すでに暗闇に包まれ始めた屯所内に、冬の静かな風情には似つかわしくない声が響きわたった。


ん?なんだなんだ?こんな遅くに。

歳さんは今夜、明け方まで巡察だから下半身は中休み。だからこれからある人と味噌田楽を肴にゆったりのんびりお話でもしようとしているのに。

くそ、うるせぇ…と思いつつも、男どもの罵声に野次馬根性を掻き立てられ、私は味噌田楽が乗ったお盆を持ちながらワイワイと騒がしい中庭をこっそりと覗いた。


「てめぇらうるせぇぞ!!この酔っ払いが!!これ以上、武州の恥を晒すんじゃねぇよ!」


…あれま、見苦しい。


ペタンと座りこんでいる二人の浪士に怒鳴っているのは新八さん。その浪士どもの腕を持ち上げ、周りを囲んでいるのが二番隊の皆。

浪士どもがぐでんぐでんしている様子を見ると、どうやら酔っ払っているようだ。

現代でも見慣れた光景。こういう類いはいつの時代でも変わらないのね。なんて。

終電の中では特に酷かったなぁ。駅員さんも大変だっただろうに。かくいう私も経験者だったり。あ、もちろん起こされていた方ですけどねえへへ。


「うるっせぇんだよぉ!ほっとけクソが!」

「てめっ、今なんつった!?」

「クソっつったんだよクソがァ!」

「よぉーし、てめぇら刀抜け!!二人まとめて叩き斬ってやらァ!!!」

「な、永倉さん!!落ち着いてください!!」


浪士どもの呂律のまわらない罵声に今にも刀を抜いて斬りかかろうとする新八さん。そしてそれを必死で止めようとする二番隊の隊士たち。
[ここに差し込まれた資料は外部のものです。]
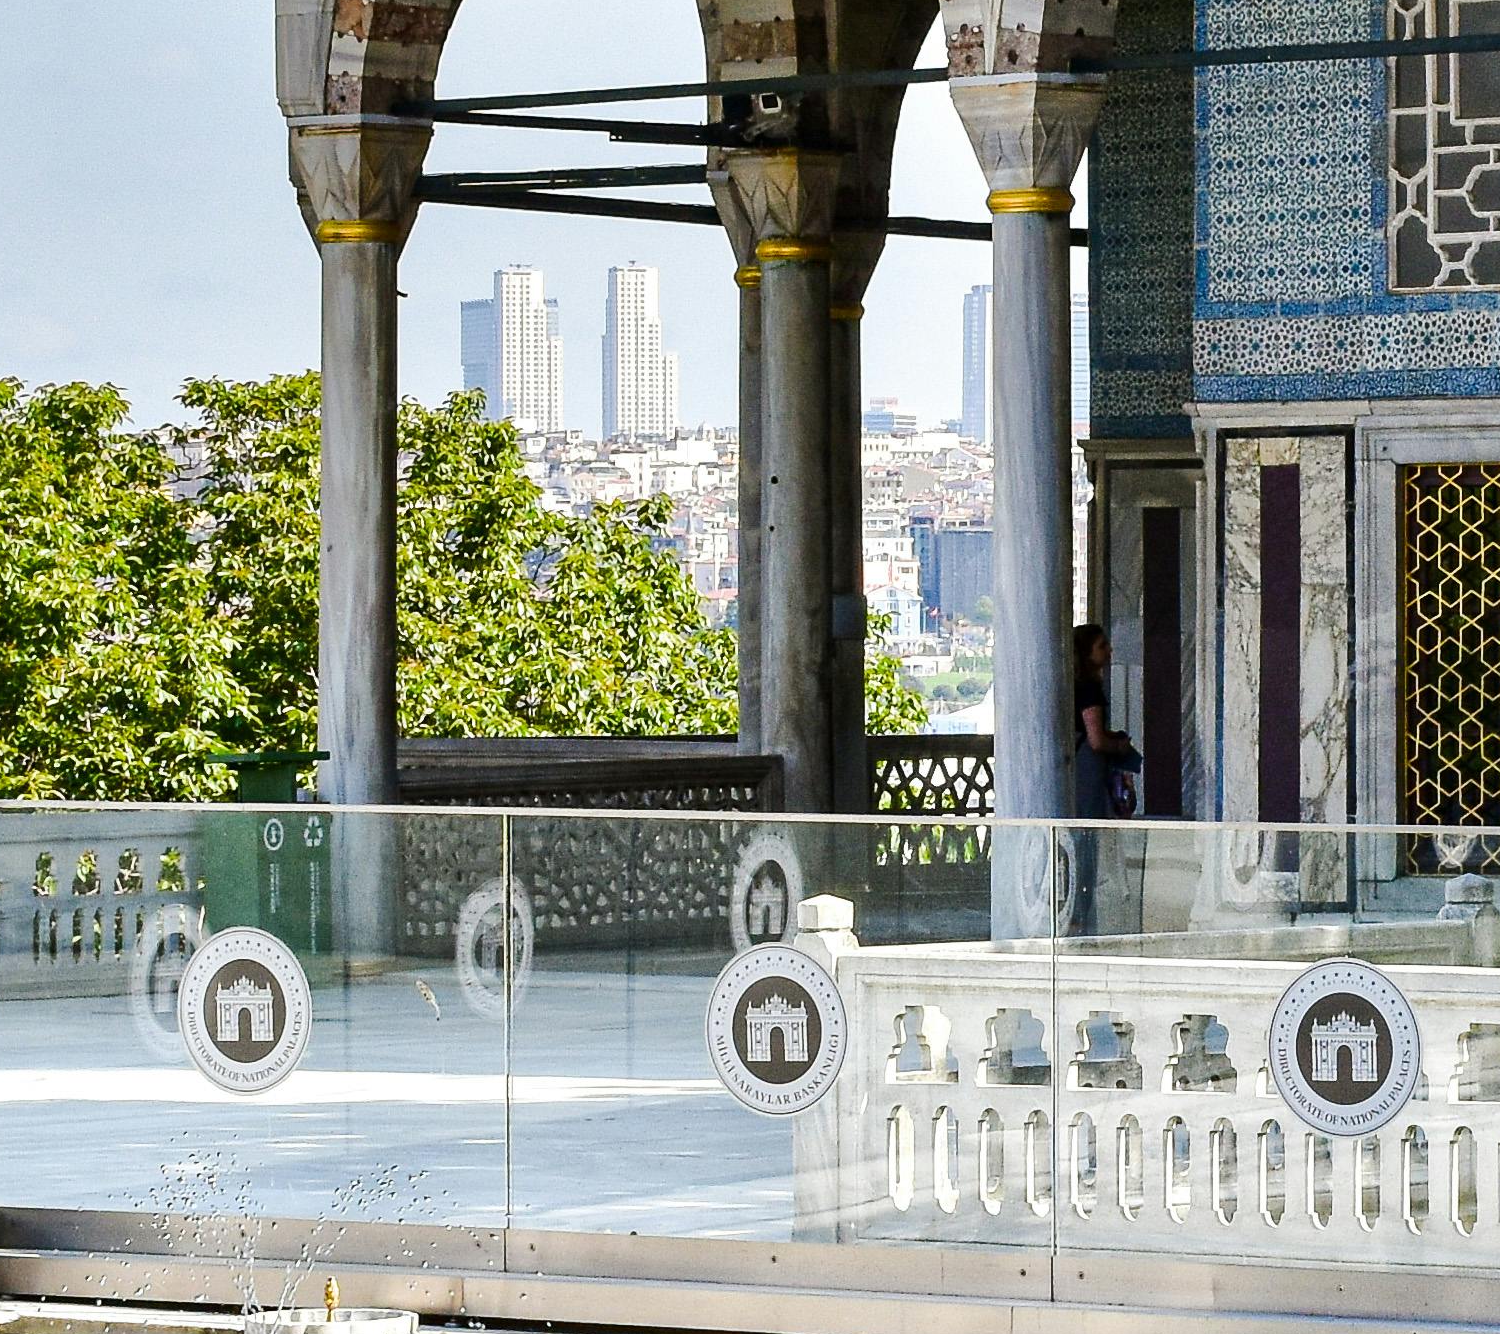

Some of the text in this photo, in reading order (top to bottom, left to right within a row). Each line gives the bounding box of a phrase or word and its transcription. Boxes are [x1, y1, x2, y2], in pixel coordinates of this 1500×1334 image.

まぁまぁ、血の気が多い隊長を持つと本当、大変だわね。


…なんて他人事のようにウンウン頷いていれば、縁側の奥に人影が見えた。

あ…、あれは……


「…山南さん?」

「おや、由香さん」


こんばんは。とニッコリ笑顔を浮かべたその人影はこれから部屋にお邪魔しようとしていた山南さん。

左腕に巻かれた包帯が、着物の袖口からチラリと見えた。


「…起きていて大丈夫なんですか?」

「ええ。近頃は調子がいいので。それにこの騒ぎじゃ落ち着いて寝てなんかいられませんよ」

「あはは…確かに」


山南さんの話によると、どうやらあの浪士二人は武州といって近藤さんや歳さんらと同じ出身地らしい。
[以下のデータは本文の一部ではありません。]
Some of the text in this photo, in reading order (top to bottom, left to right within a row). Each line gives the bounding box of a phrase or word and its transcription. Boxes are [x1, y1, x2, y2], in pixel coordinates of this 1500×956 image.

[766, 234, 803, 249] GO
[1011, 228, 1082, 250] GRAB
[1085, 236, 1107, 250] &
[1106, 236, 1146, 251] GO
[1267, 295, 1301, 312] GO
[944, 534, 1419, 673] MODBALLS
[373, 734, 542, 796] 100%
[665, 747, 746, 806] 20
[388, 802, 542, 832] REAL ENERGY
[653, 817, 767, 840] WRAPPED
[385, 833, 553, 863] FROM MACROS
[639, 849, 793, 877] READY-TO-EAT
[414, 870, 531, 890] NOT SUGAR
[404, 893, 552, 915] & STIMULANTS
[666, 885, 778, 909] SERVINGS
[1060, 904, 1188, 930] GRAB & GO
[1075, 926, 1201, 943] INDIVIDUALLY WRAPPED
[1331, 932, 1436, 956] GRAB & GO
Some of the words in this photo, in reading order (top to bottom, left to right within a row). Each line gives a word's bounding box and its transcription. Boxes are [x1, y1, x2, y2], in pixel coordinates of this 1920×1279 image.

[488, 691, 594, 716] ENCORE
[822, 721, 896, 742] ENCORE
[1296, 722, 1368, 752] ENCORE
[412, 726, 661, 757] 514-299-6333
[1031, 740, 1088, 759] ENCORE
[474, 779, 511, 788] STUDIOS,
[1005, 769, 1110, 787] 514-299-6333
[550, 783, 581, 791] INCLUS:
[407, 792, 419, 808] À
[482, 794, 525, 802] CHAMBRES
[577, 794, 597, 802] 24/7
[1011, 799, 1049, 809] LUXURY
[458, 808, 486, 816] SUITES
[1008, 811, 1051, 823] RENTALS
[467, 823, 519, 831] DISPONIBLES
なんでも酔い潰れて二人仲良く市中にぶっ倒れているところを、新八さん達二番隊に保護され屯所まで連れてこられたとのことだった。

浪士どもが目を覚ました今は、せっかく京を堪能している最中だったのに水を差しやがって!と、訳のわからない理由でブチキレてるみたいだけどね。

山南さんは「酒もほどほどにしないとね」なんて、私を見てニッコリ笑ったんだけれど、あれ?それってもしかして私にも言ってるのかなぁ…なんて。
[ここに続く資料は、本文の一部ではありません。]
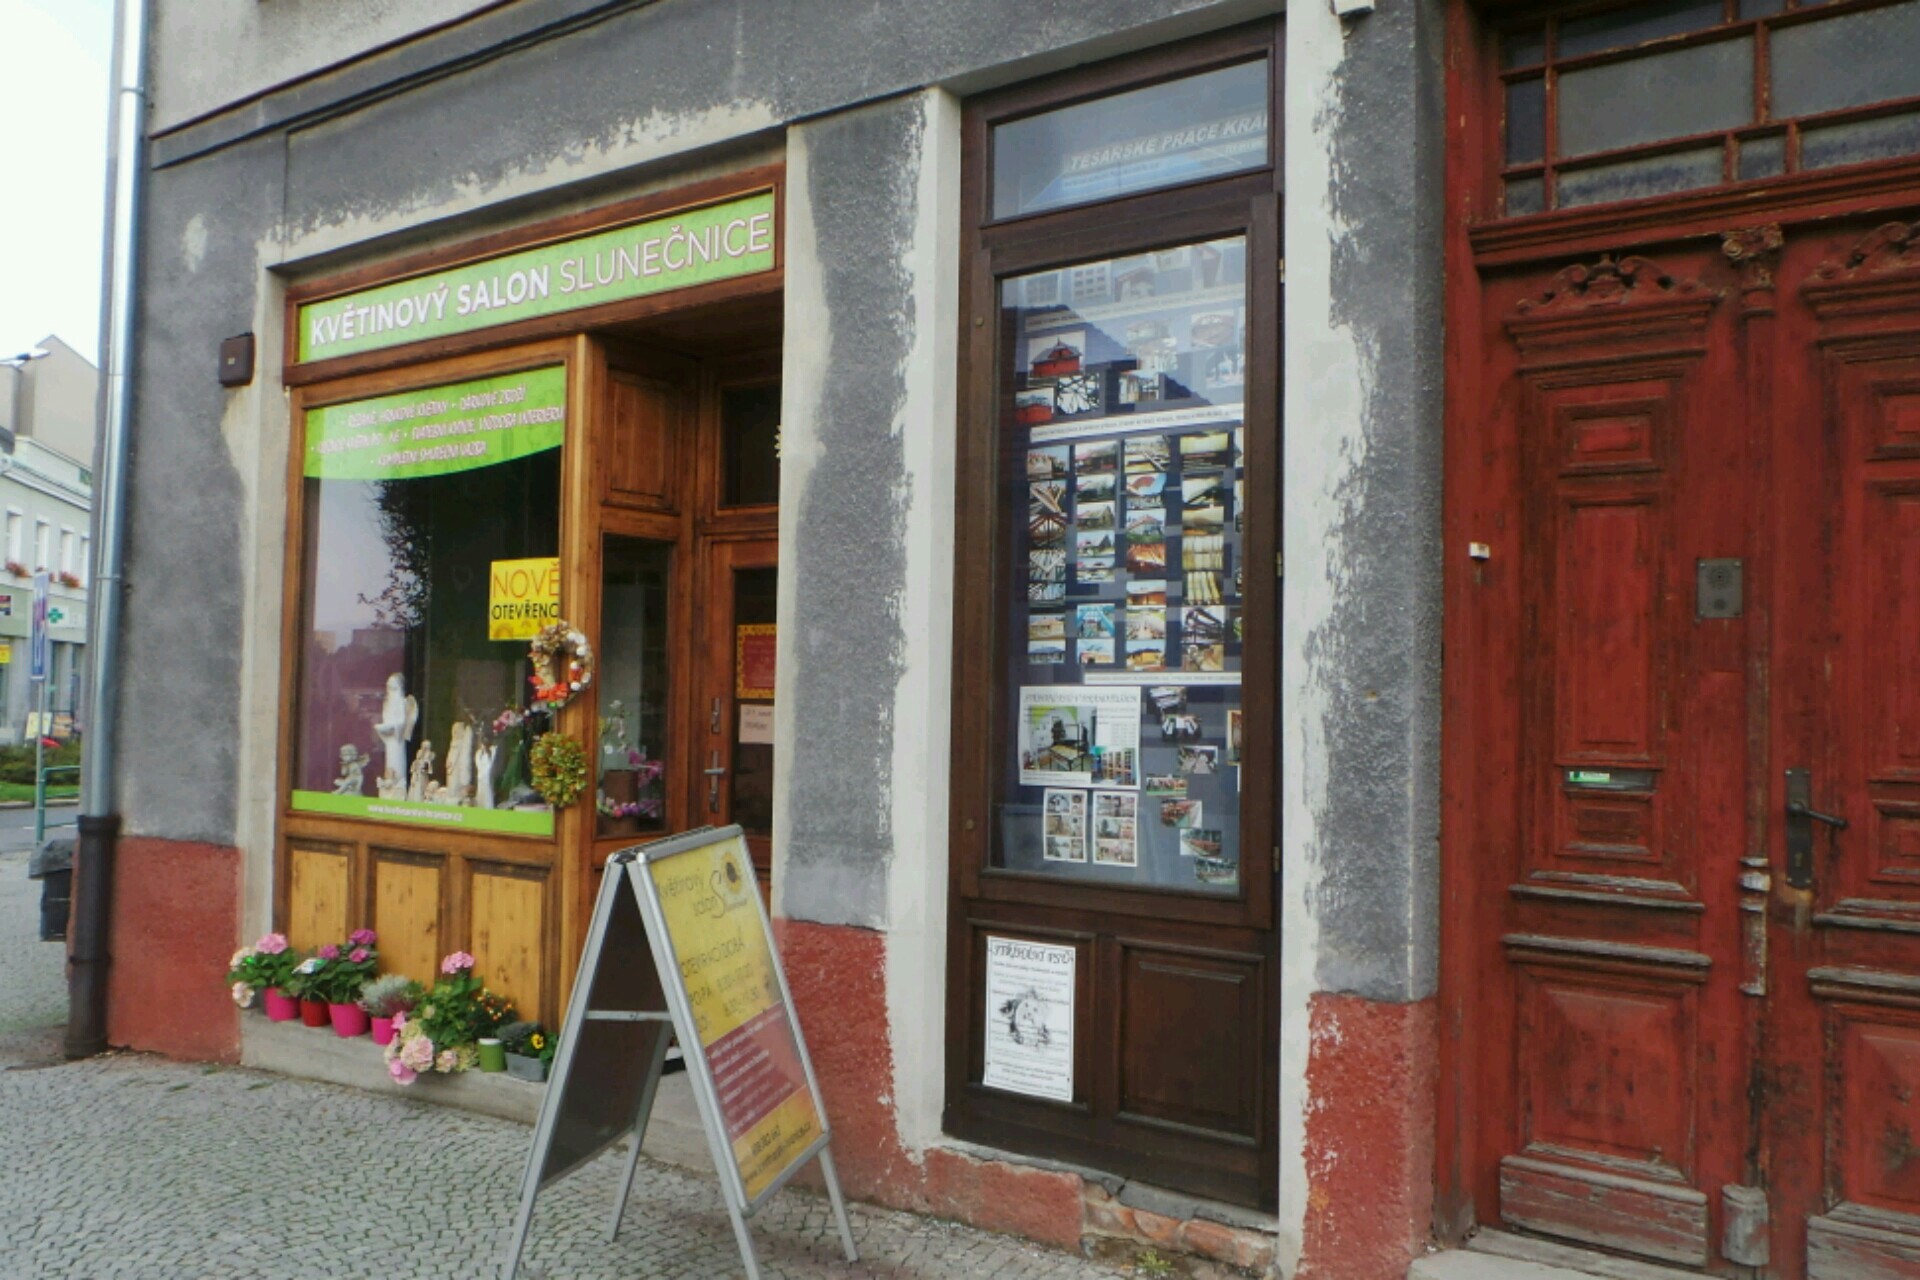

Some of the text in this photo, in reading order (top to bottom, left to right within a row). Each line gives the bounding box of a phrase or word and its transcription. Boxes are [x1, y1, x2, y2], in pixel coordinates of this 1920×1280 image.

[311, 211, 771, 346] KVĚTINOVÝ SALON SLUNEČNICE
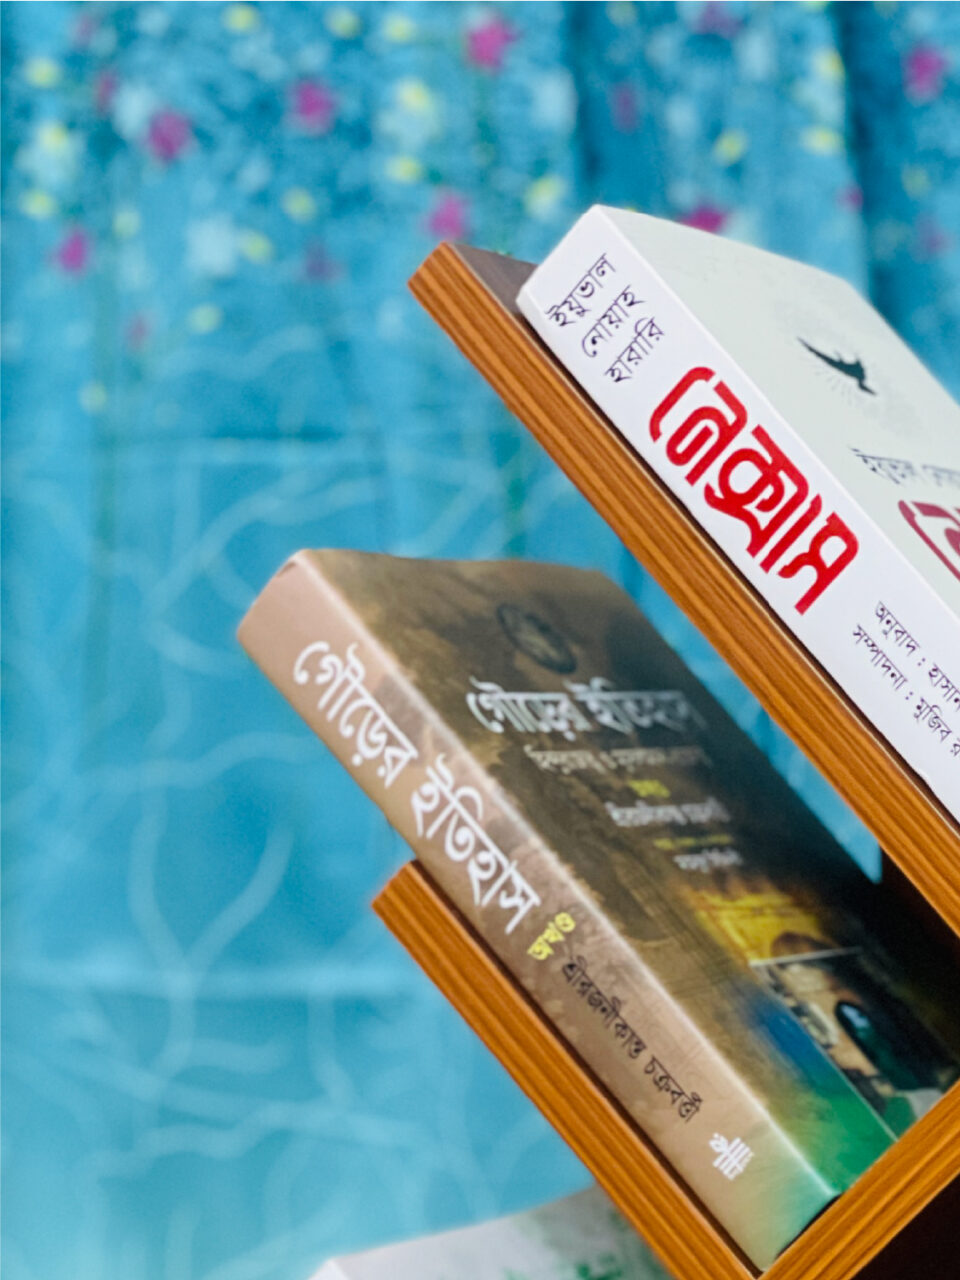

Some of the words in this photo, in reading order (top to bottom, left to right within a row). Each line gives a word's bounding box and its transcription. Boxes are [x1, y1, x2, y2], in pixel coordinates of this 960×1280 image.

[581, 284, 647, 358] নোয়াহ
[604, 317, 665, 383] হারারি
[649, 366, 859, 615] নেক্সাস
[875, 601, 920, 655] অনুবাদ
[852, 624, 908, 691] সম্পাদনা
[913, 697, 952, 742] মুজিব
[294, 640, 419, 789] গৌড়ের
[411, 754, 541, 934] ইতিহাস
「で、ですよね~!」とヘラリと笑うことしかできなかった私を横目に、山南さんは心底可笑しそうに笑ったのだった。


「それより由香さんはこんなところで何してるんですか?」


山南さんの視線は私が持っている味噌田楽に向けられた。

ああ、そうだ、そうだった。ちょっと忘れかけてたよ。


「実は山南さんの部屋を訪ねようと思ってたんです」

「私の?」

「はい。一緒に、と思って。味噌田楽、お好きでしょう?」


以前、酒の肴にと屯所で味噌田楽を作ったところ、「好きなんです、これ」と沢山食べてくれた山南さん。美味しそうに頬張る姿がなんだか可愛らしくてすごく印象に残っていた。


「あたたかいうちに」と笑えば、山南さんは少し驚き、照れたように「ありがとうございます」と笑ったのだった。



***



「どうぞ」


山南さんの声に腰を下ろせば、明りが灯された行灯からはチリチリと音が聞こえた。

文机の上には硯と筆、そして書きかけの文らしきものが広がっている。

しかしそれ以外はきちんと整頓され、無駄だと思われるものは一つも置かれていないようだ。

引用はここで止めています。